Press "Enter" to skip to content

Curated SQL Posts

Multiple Code Panes in R Studio

Tomaz Kastrun has good news for us:

On R studio home page, make sure to download the version 2021.09 Preview (as of writing of this blogpost, this is still in preview) and install this version on your client machine (supported windows machine, MacOS and Linux).

Once installation is completed, head to global options (Tools->Global options) and select Pane Layout. You will have a new set of buttons available (Add Column; Remove Column).
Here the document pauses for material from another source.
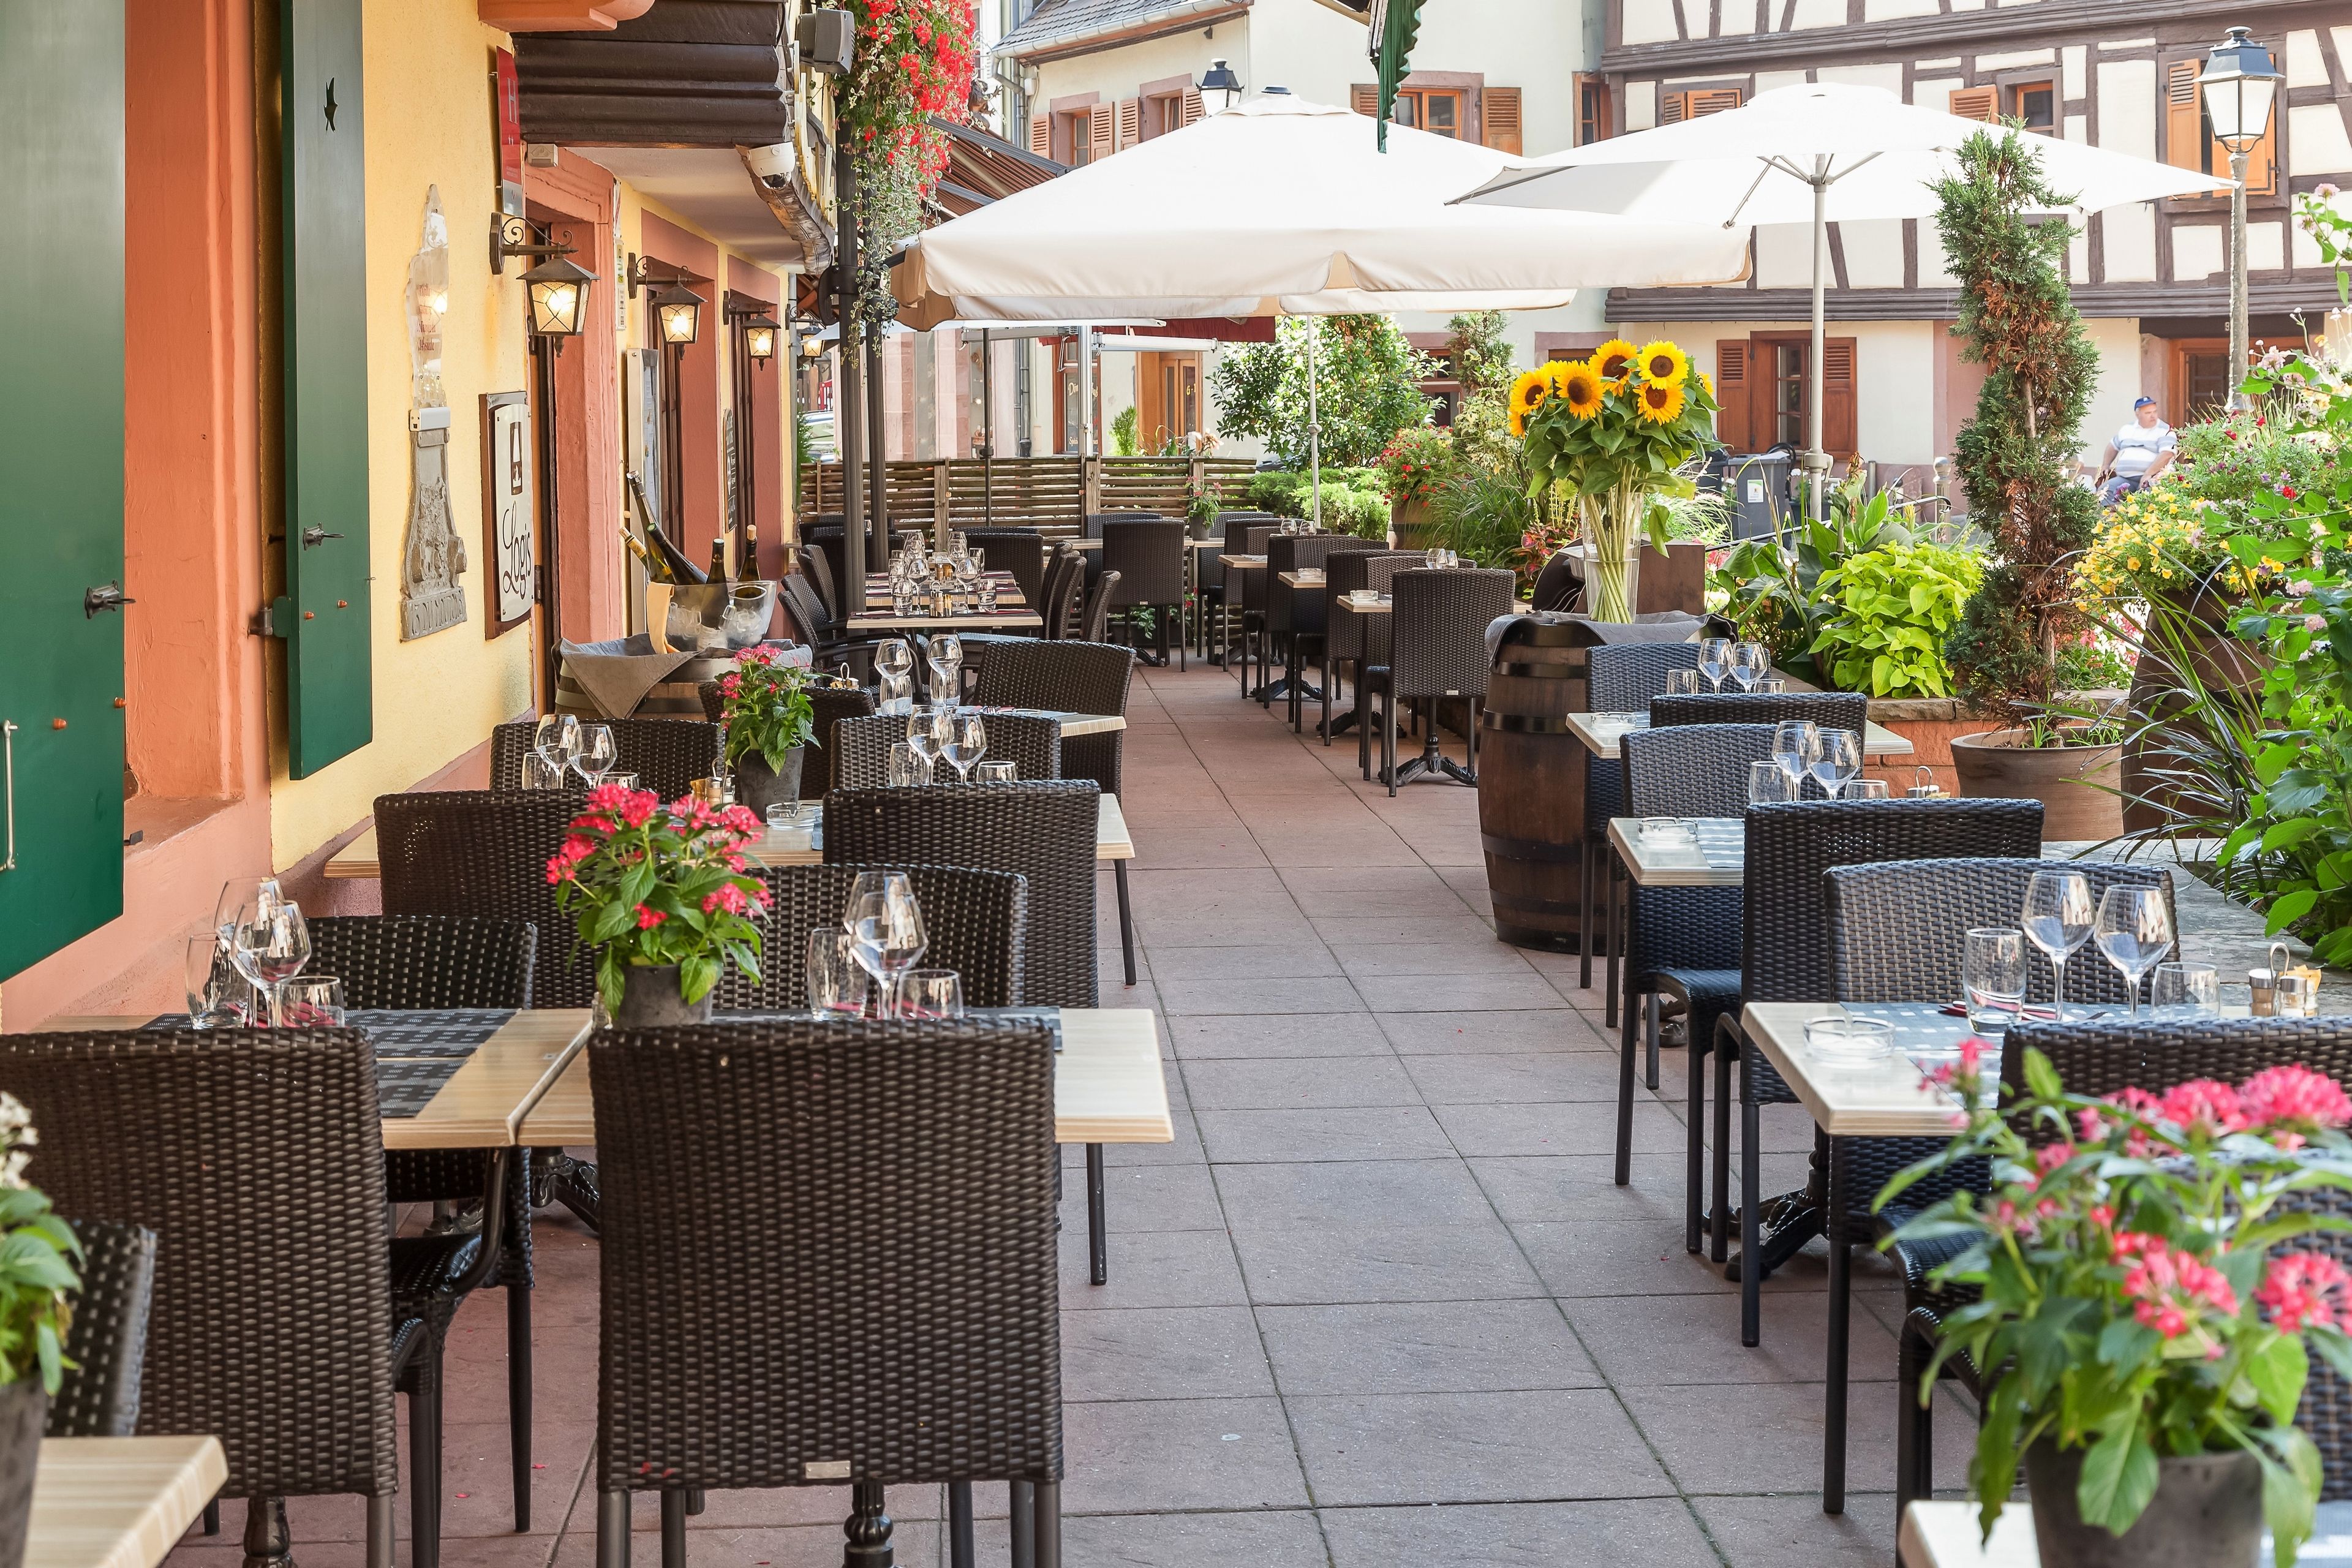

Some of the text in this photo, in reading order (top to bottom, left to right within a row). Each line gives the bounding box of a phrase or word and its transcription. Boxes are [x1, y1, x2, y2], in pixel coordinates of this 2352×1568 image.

[507, 77, 518, 124] H
[2225, 321, 2230, 332] 9
[502, 500, 532, 600] Logis
With Add column an additional pane will be added to layout.

It’s not as convenient as the right-click –> “Split horizontally” or “Split vertically” that we get in tools like SSMS and VS Code, but I’m happy to see this change in R Studio.

Comments closed

Replication Error 20084 on SQL Server 2019

I ran into a weird issue:

Iwas helping out with a SQL Server upgrade recently, going from 2016 to 2019. We ran into a problem when trying to run replmerg.exe for a merge replication subscription. Specifically, we were getting error code 20084, which means that the replication process couldn’t connect to one of the instances. Interestingly, the process couldn’t connect to the local instance, and the failure was immediate—that is, within a couple of milliseconds. There was nothing in the management logs on either the distributor server or the subscriber server which indicated a problem. We were able to connect both sides together just fine—from the subscriber, we could connect to the distributor, and from the distributor, we could connect to the subscriber.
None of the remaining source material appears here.